Meaghan Jarensky Barakett is an American model, yoga practitioner, humanist, and advocate of young women. Jarensky is a former Miss New York USA and represented the state in the 2005 Miss USA Pageant, the last time New York placed in the top 10 finalists. She is also a former Mrs. New York America and represented the state in the 2010 Mrs. America Pageant. Jarensky is the founder and President of One Girl Inc, a 501c3 non-profit dedicated to providing leadership training to young women to help them effectively serve their communities.

==Pageants==
Jarensky won the Miss New York USA 2005 title. It was her first attempt at the title, and she was crowned by outgoing titleholder Jaclyn Nesheiwat Stapp. Her sister titleholder was Natascha Bessez, Miss New York Teen USA 2005.

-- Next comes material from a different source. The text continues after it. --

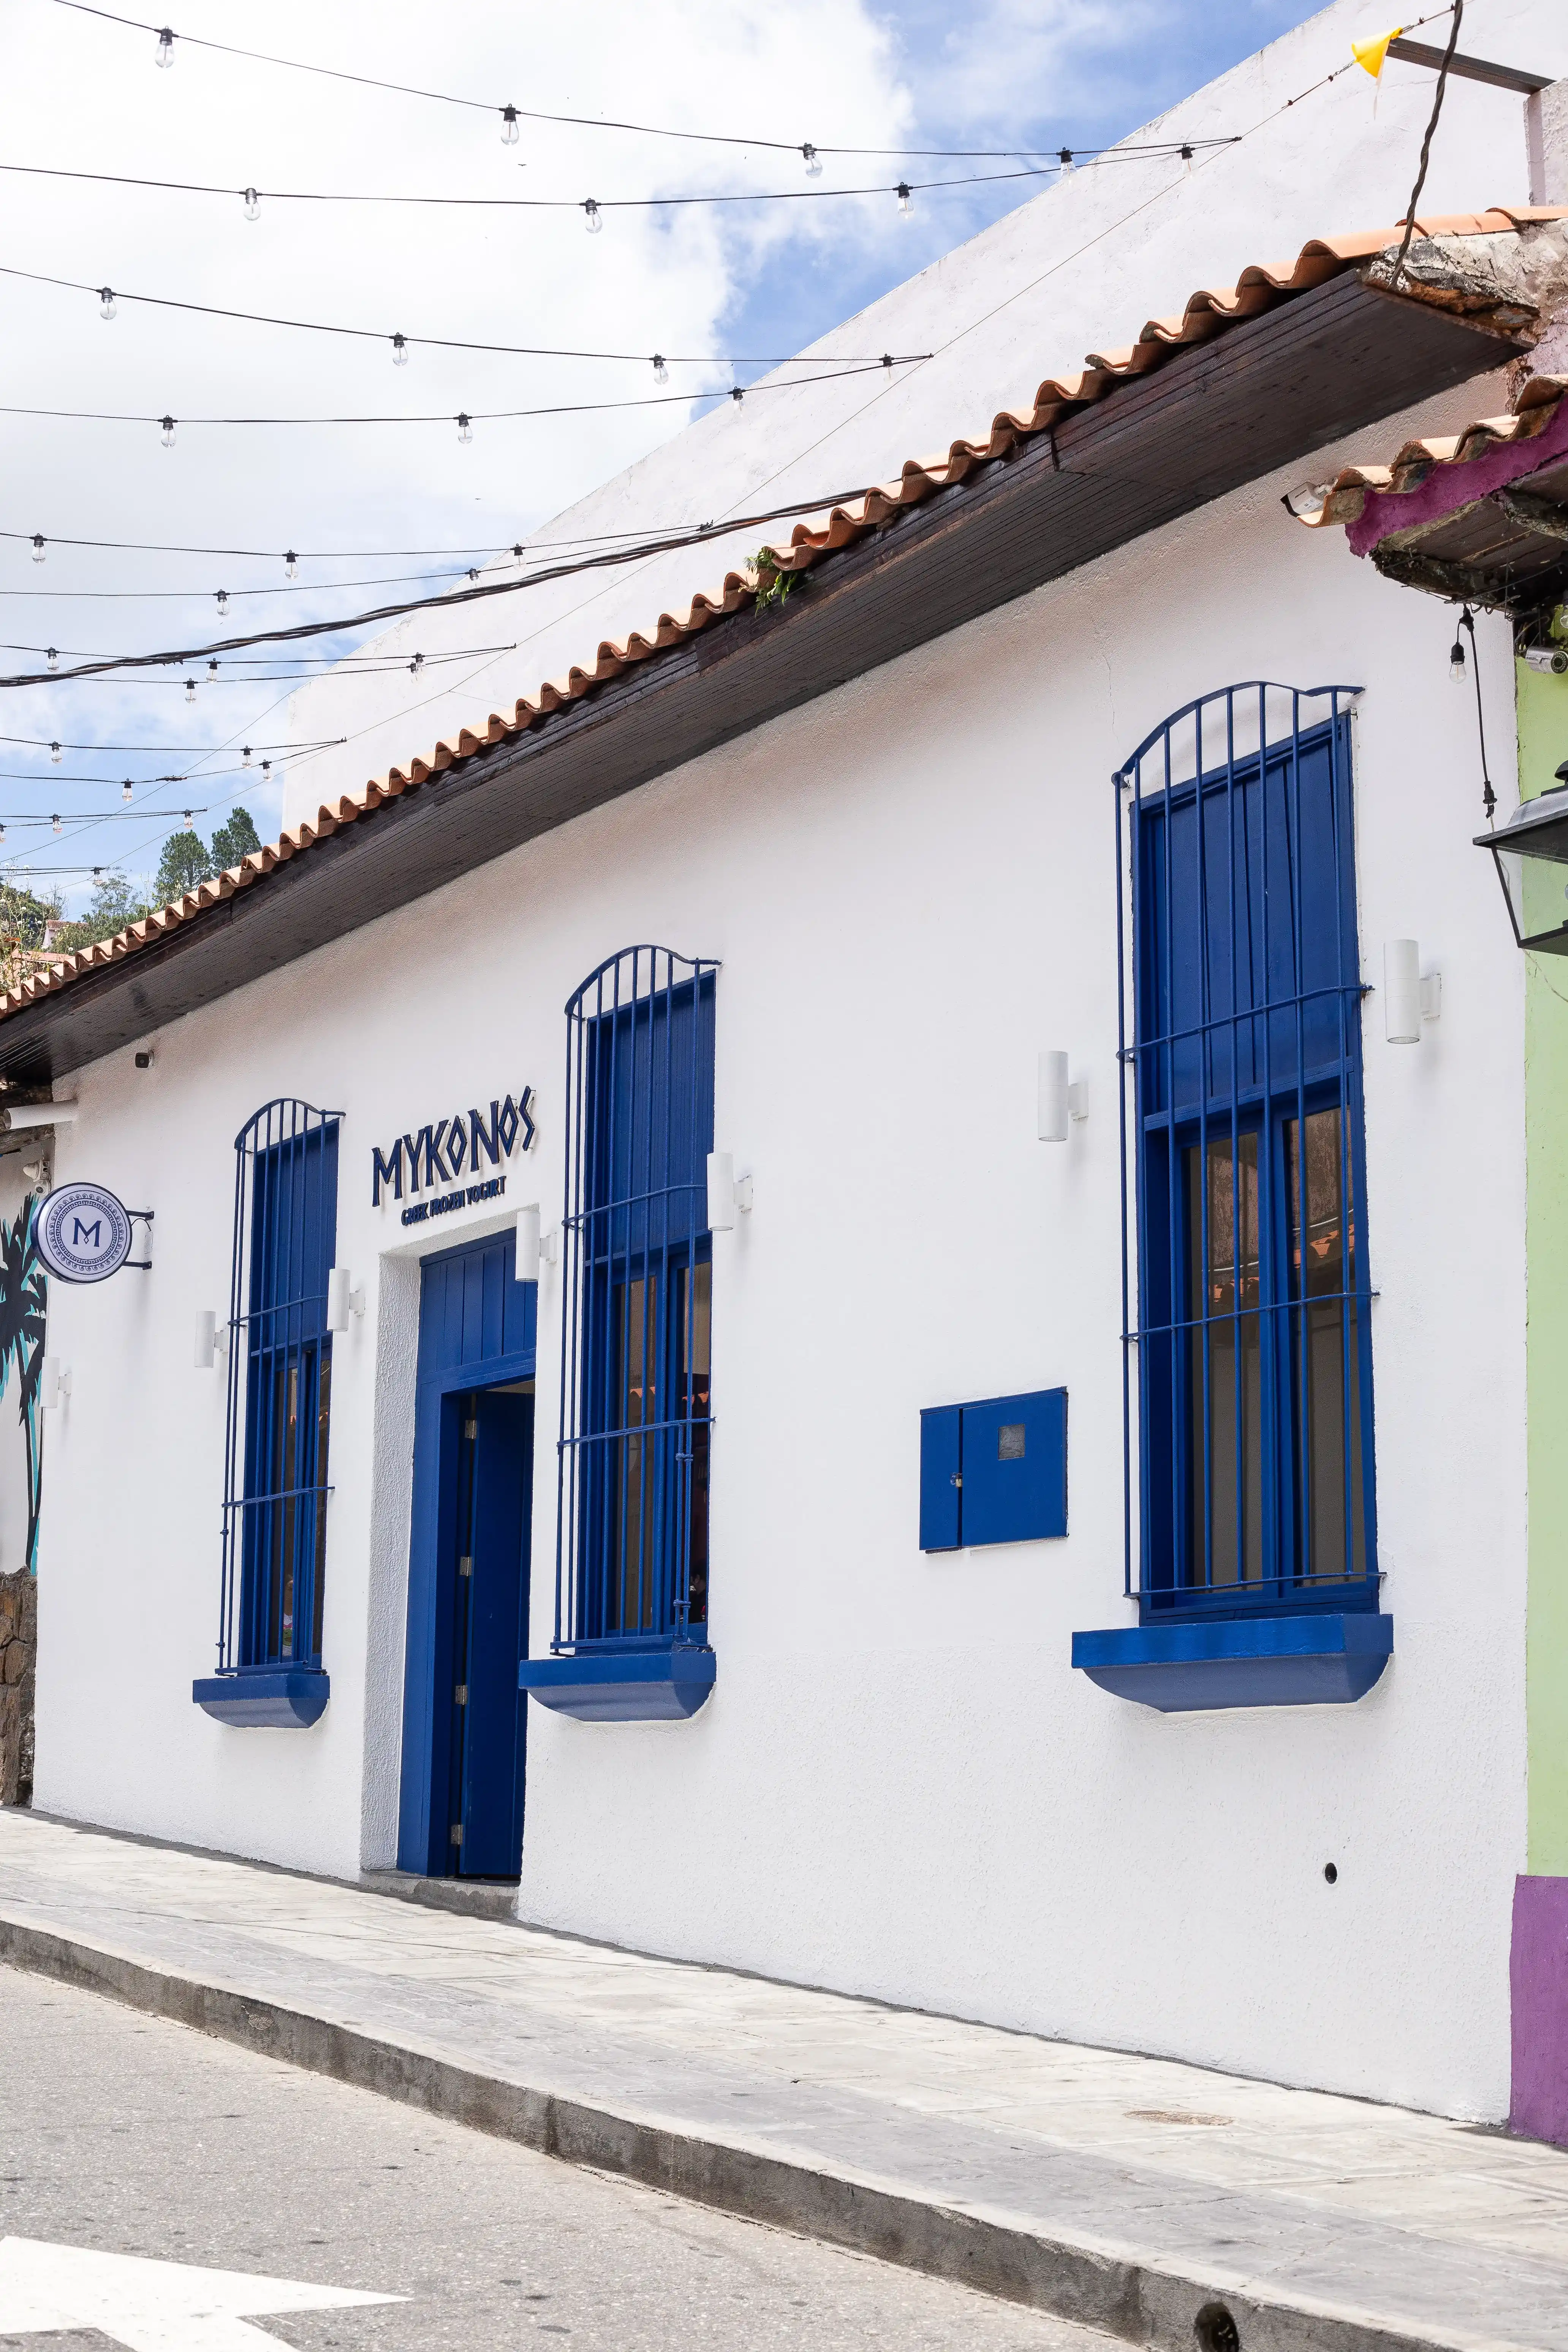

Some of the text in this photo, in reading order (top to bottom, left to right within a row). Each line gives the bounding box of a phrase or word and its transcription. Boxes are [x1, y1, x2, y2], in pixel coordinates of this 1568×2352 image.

Jarensky represented New York in the Miss USA 2005 Pageant held in Baltimore, Maryland in April, 2005. She placed in the top ten of the nationally televised pageant, which was the first placement by a delegate from New York since 2002. Jarensky's silver Grecian-inspired evening gown by fashion designer Marc Bouwer was given a lot of attention during the pageant, because of its styling, which was highly unusual for a gown worn in a pageant. During the Top 10 swimsuit competition, Jarensky almost tripped on the sarong worn by Miss California USA Brittany Hogan who threw it on the ground while she competed in the swimsuit competition.
Prior to the pageant, Jarensky appeared on a special Miss USA episode of Fear Factor with five other Miss USA 2005 delegates.

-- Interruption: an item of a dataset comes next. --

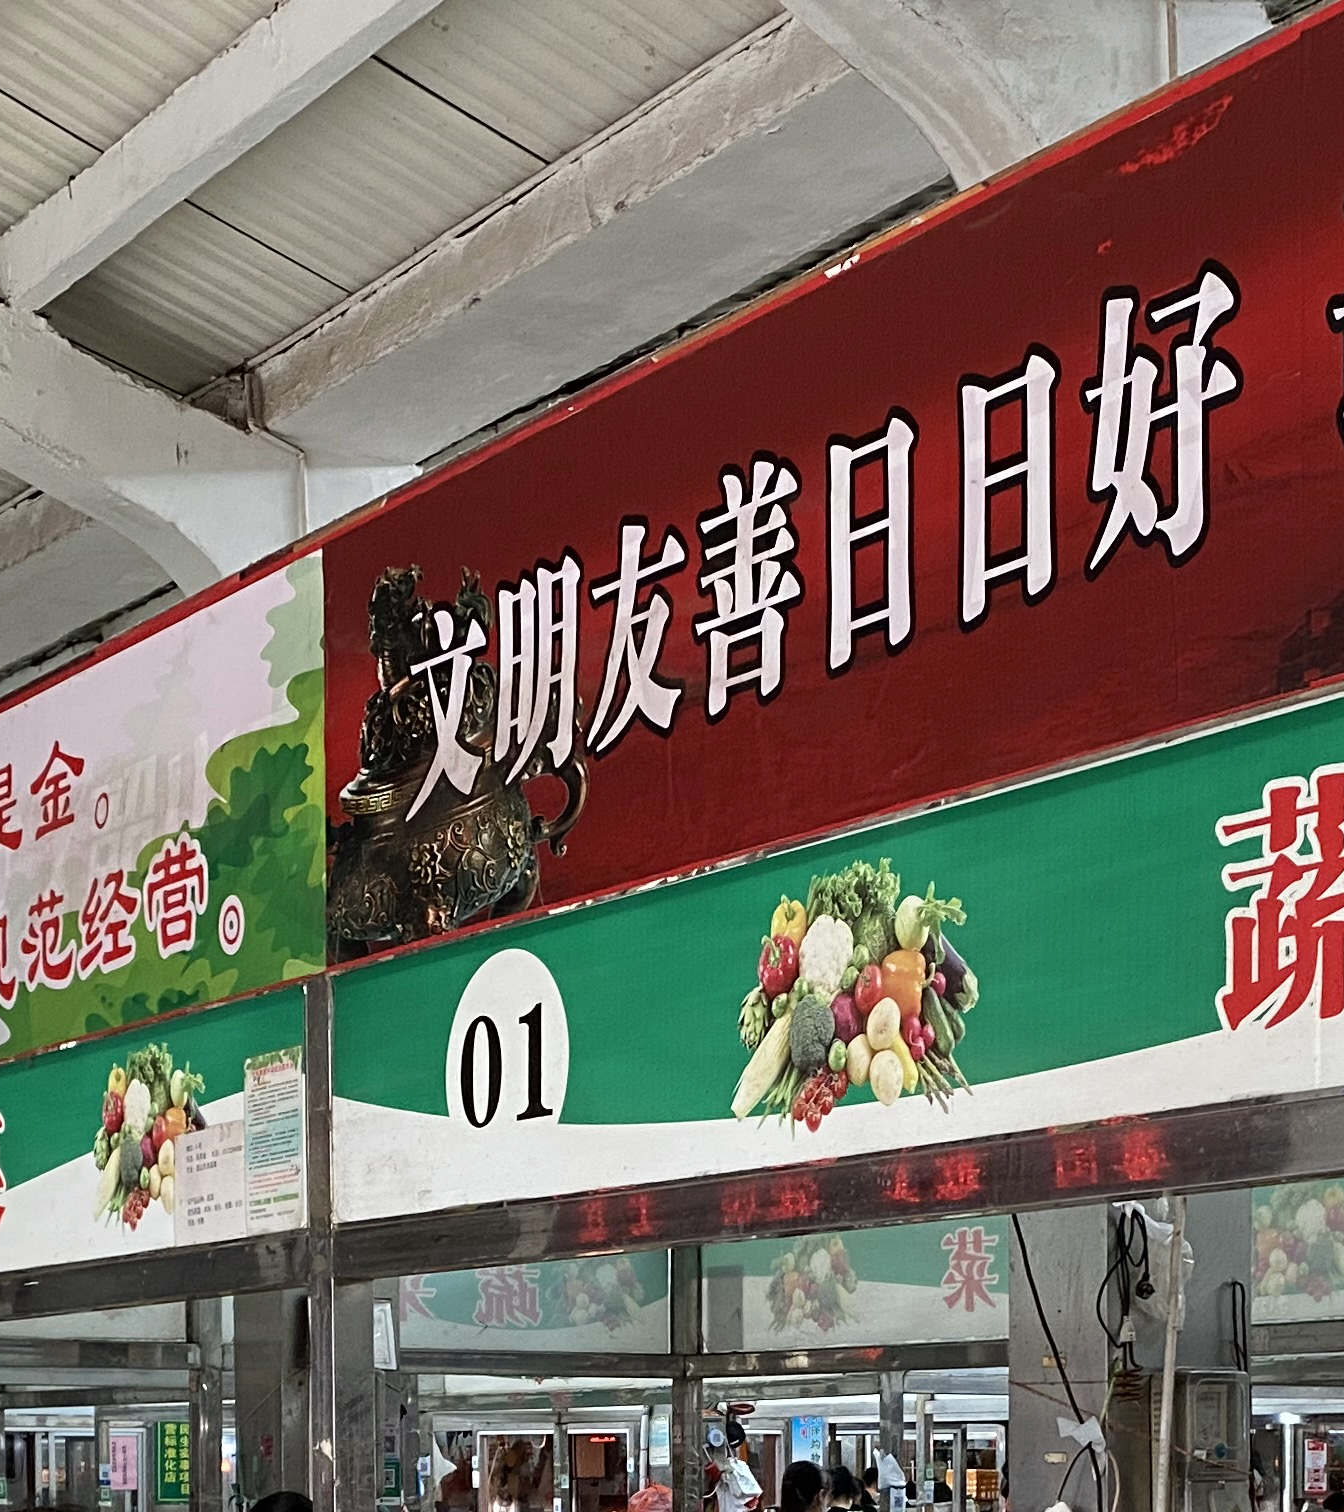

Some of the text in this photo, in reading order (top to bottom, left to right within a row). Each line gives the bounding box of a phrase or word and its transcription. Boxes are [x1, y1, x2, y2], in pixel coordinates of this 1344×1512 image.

[407, 270, 1236, 821] 文明友善日日好
[459, 1003, 553, 1129] 01

On July 10, 2010, Jarensky won the Mrs. New York America 2010 pageant under her then married name, Meaghan Castaldi. She competed in the Mrs. America 2010 pageant, which was held in September 2010 in Tucson, Arizona. She won the Whimsical Costume award.

==Education==
Jarensky is a graduate of Absegami High School, has earned a BA in international marketing from Pace University, holds a certificate from the Institute of Integrative Nutrition, is certified by the American Association of Drugless Practitioners as a Holistic Health Counselor, holds multiple certifications in yoga and meditation, and recently completed a master's degree in Non-Profit Leadership at Fordham University.

== Legislation ==
In December 2014 Jarensky was impersonated on match.com, and subpoenaed the website for the perpetrator's identity. She used this experience to draft a bill along with New York State Senator Kevin Parker, calling for passage of New York State Senate Bill S5871-A, the E-ImPersonation Prevention Act. This would create an anti-cyberbullying law which would criminalize online impersonation with the intent to harm.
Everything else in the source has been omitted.